There are several ways by which tuberculosis can infect the abdomen. The tubercle bacteria many enter the abdomen via the consumption of infected milk. Those with existing pulmonary tuberculosis can have abdominal tuberculosis through the ingestion of infected sputum. When the gastrointestinal tract is infected with the bacteria, epitheloid tubercles are formed in the lymphoid tissue of the submucosal layer. Subsequently, caseous necrosis of the tubercles can occur, leading to ulceration of the mucosa. At this stage, the bacilli can spread to adjacent lymph nodes and deeper layers of the peritoneum.

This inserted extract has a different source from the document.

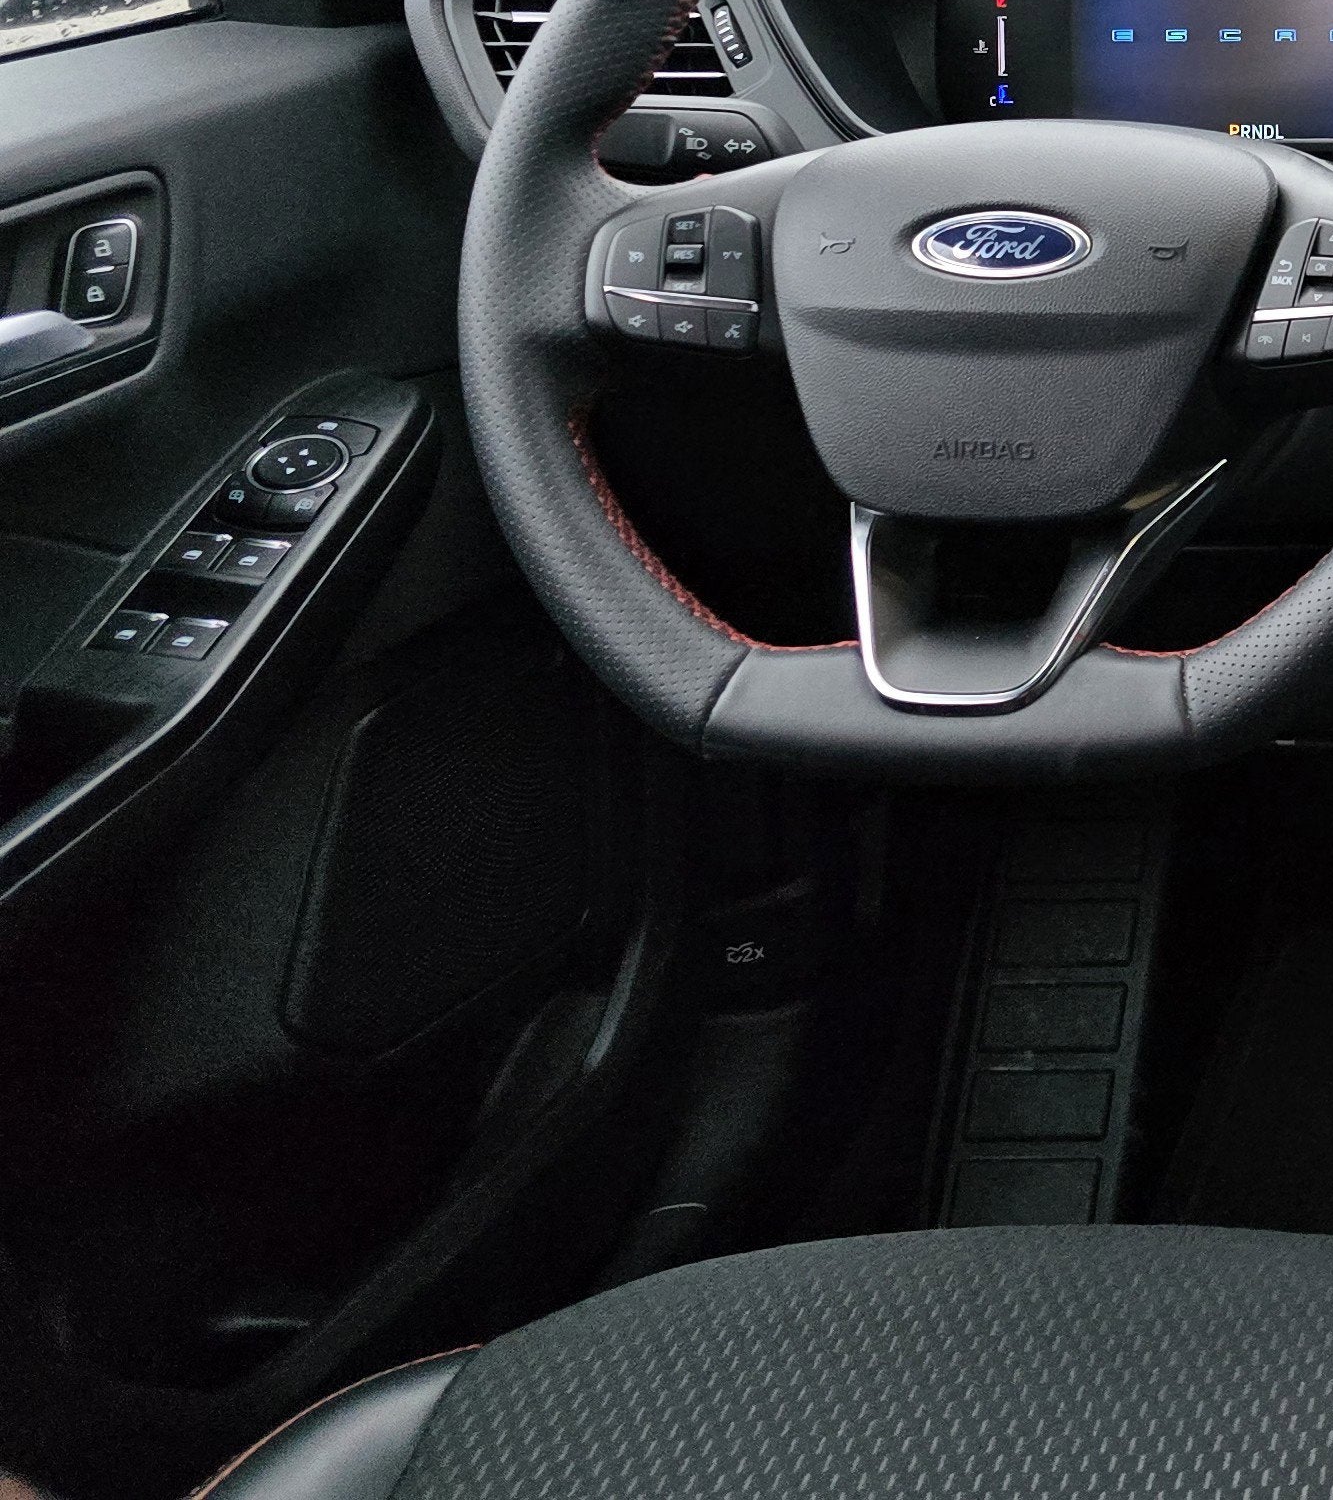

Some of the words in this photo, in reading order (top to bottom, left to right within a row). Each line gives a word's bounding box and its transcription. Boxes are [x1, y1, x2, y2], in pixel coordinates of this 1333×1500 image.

[951, 225, 1044, 260] Ford
[674, 250, 694, 260] RES
[1271, 275, 1293, 286] BACK
[932, 438, 1036, 462] AIRBAG

Tuberculosis can also spread through the blood from the primary focus to elsewhere in the abdomen. Abdominal solid organs, kidneys, lymph nodes and peritoneum can be affected this way. Tuberculosis is also reported to spread to the peritoneum directly from adjacently situated infected foci, such as from the fallopian tubes, adnexa, psoas abscess or secondary tuberculous spondylitis. It can also spread from infected lymph nodes via lymphatic channels.

==Diagnosis==
The clinical presentation of abdominal tuberculosis is often atypical, tissue samples for confirmation of diagnosis can be difficult to procure and conventional diagnostic methods have poor yield. Therefore, the diagnosis is often delayed. The diagnosis is often suspected clinically with relevant manifestations or epidemiological factors such as known prior tuberculosis and possible TB exposure. A high index of suspicion of TB should be maintained in immunocompromised individuals. Those with extra-abdominal tuberculosis should undergo evaluation for abdominal involvement in case of clinical suspicion.

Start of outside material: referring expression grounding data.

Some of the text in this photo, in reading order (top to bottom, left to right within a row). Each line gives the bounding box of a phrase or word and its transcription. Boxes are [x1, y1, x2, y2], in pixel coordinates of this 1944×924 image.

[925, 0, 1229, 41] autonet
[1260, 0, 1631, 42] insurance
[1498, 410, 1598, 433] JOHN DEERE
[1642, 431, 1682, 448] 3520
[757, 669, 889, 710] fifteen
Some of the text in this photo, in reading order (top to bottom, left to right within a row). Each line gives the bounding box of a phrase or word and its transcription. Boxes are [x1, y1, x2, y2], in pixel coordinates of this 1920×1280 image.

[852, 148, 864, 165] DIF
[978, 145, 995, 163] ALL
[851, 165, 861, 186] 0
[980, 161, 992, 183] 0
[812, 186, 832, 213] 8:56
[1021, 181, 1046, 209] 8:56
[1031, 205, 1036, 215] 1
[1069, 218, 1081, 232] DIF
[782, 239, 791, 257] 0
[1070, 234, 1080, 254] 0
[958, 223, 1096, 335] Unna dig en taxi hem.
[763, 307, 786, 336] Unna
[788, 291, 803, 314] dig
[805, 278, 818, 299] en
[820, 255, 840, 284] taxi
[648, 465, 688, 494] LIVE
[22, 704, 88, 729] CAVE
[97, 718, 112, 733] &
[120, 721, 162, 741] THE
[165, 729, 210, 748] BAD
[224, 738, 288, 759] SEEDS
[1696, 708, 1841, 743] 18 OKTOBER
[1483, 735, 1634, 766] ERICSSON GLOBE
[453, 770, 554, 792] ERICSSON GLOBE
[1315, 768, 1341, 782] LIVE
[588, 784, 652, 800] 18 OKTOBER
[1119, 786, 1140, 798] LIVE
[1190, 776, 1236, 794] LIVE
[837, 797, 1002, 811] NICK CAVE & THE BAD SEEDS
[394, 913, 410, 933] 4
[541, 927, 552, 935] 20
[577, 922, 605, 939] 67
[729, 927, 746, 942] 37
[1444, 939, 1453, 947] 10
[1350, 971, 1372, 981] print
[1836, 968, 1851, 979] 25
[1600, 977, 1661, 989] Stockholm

The definitive diagnosis can be established by demonstrating Mycobacterium tuberculosis in peritoneal fluid or in a biopsy specimen. The histopathologic findings of tuberculosis in biopsy, such as caseous granuloma, can be suggestive of tuberculosis, but is not pathognomic. CT scan offers evaluation of involvement of the liver or other organs, as well as for the presence of ascites, lymphadenopathy and peritoneal involvement. Ultrasound scan is useful for demonstrating lymphadenopathy and ascites.

==Management==
Abdominal tuberculosis most often responds to treatment with anti-tuberculosis drugs. Treatment using anti-tuberculous drugs can cause resolution in fever, ascites and bleeding in a few weeks after the start of the therapy.
===Surgical management===
Surgery may be warranted in abdominal tuberculosis in case of complications such as perforation, abscess, bleeding, fistula or obstruction. There are three types of surgeries usually performed in abdominal tuberculosis. The first type of surgery is to bypass the affected segments of the bowel. The second type is a more extensive surgery called hemicolectomy, where a large portion of the bowel is removed. The third type is stricturoplasty which is done for relieving the luminal obstruction caused due to intestinal tuberculosis. When bowel perforations occur in tuberculosis, it is usually treated by the resection of the involved segments.

==Epidemiology==
Abdominal tuberculosis accounts for up to 5% of tuberculosis cases worldwide, out of which 1–3% is gastrointestinal tuberculosis. It makes up for less than 11–15% of all tuberculosis cases in immunocompetent individuals. Approximately 20% of individuals with abdominal tuberculosis have active tuberculosis. The incidence of abdominal tuberculosis has increased in the last few decades due to the increased incidence of HIV infection, which makes individuals vulnerable to tuberculosis.